The Arthur J. Moore Methodist Museum and Library was established in 1965. It began as a small library and became a museum when it was dedicated in June 1966 and given its current name. It is where the South Georgia Conference of the United Methodist Church stores its archival records. The library consists of over 6,000 books which are used by theologians pursuing research into Methodist theology and history. The collection includes books, journals, diaries, original letters and historic documents about the culture and history of the Methodist Church.

- Meeting facilities
The meeting facilities that were built for Epworth by the Sea, include The Smith Dining Room, Blasingame Dining Room, Cannon Room, Jinks Garden Room, Turner Lodge Pioneer Room, Nalls Auditorium, The Tabby House, and the Margaret A. Pitts Conference Room. These are just some of the many ways that Epworth is able to accommodate both large and small groups.

- Housing facilities
The housing facilities at Epworth by the Sea accommodate up to approximately 1,000 people including 223 private rooms, 12 family apartments and 22 youth cabins.

- Waters Garden
The Waters Garden is a small, passive-use garden which contains a “Walkway of Remembrance,” where it is traditional for visitors to the center to remember their deceased family and friends.

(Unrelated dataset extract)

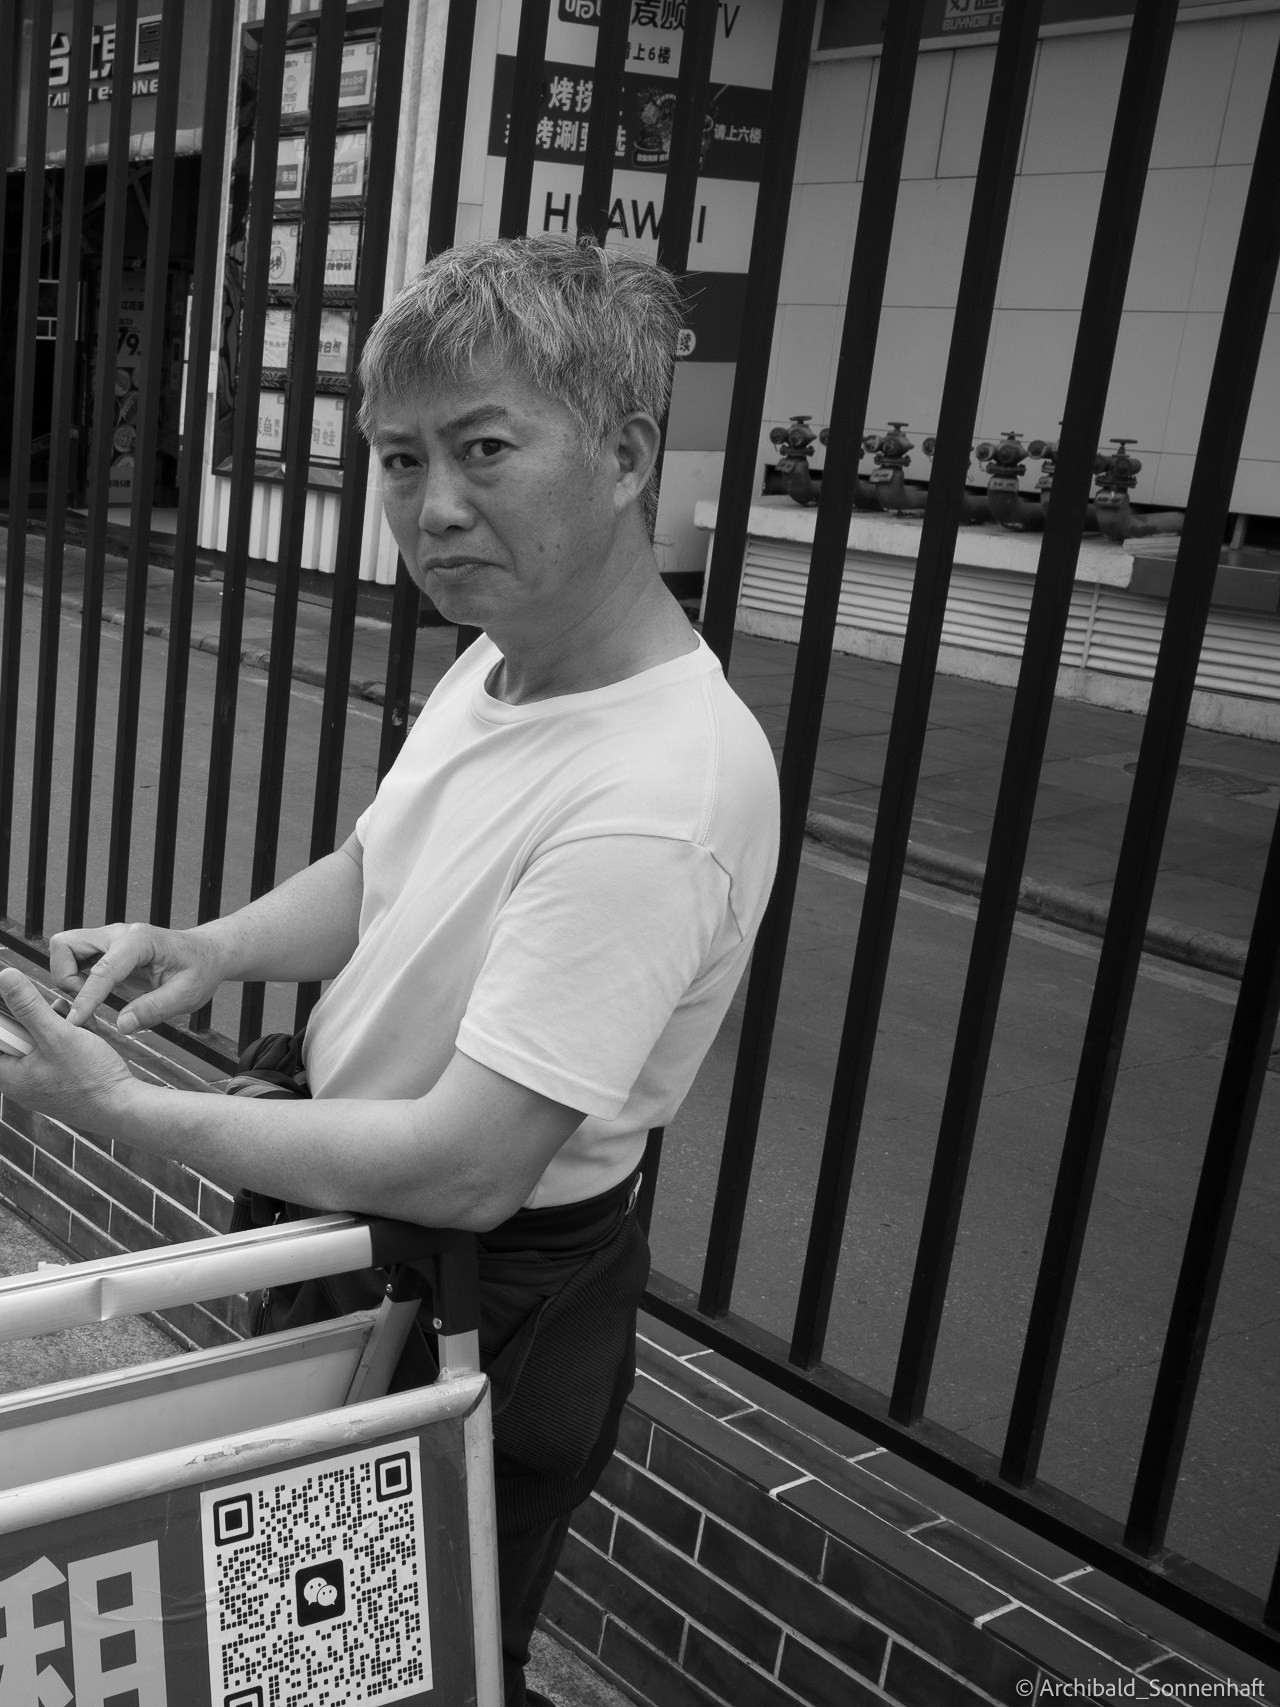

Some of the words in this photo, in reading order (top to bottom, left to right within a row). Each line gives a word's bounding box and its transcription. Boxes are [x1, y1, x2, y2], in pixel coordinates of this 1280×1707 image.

[714, 123, 762, 145] 请上六楼
[543, 191, 707, 243] HAWI

==Camps held at Epworth by the Sea==

- Camp Discovery
Camp Discovery began as a center for low-income children in 1992.

- Elementary Camp
The center's one-week Elementary Camp provides educational opportunities and teaches Bible Study with a Methodist focus to children, ages 4–12.

- Georgia Pastors' School
The Georgia Pastors' School provides educational opportunities and spiritual experiences to religious leaders employed within the Methodist Church or seeking such employment.

- Women's Retreat SSI
The retreat for women, held at Epworth by the Sea each year, features famous speakers such as Barbra Lee Johnson, the founder and director of Total Life Ministries.

==The Gathering Place==

- A tradition at Epworth by the Sea
The Gathering Place, better known as "The Main Event", is held on Sunday nights throughout the summer in one of Epworth by the Sea's facilities, (The Strickland Auditorium). Over 1,000 teens gather together from all over to learn about faith and the miracle of knowing Christ. Students create and share music, skits and games followed by nationally recognized speakers.

==Equipping programs of The Gathering Place==
Programs offered by The Gathering Place to help train and equip students to be effective Christian leaders throughout their schools, churches, and communities.

- 707
Close to 500 students in the community meet together weekly in a small group setting, which is led by a Christian adult.

- Intern programs
The intern programs that the Gathering Place hosts, are used for training high school and college students the values of being a Christian leader.

==Funding==
Epworth by the Sea is largely funded by the William I. H. and Lula E. Pitts Foundation, a private foundation that funds educational and social service activities through organizations that are associated with the United Methodist Church in Georgia. Since the foundation was founded in 1941, large donations have gone to support institutions and organizations such as Epworth by the Sea, Andrew College, Candler School of Theology in Emory University, Atlanta Georgia, LaGrange College and Magnolia Manor retirement home. Once Pitts died in 1964, he had already donated more than $1 million.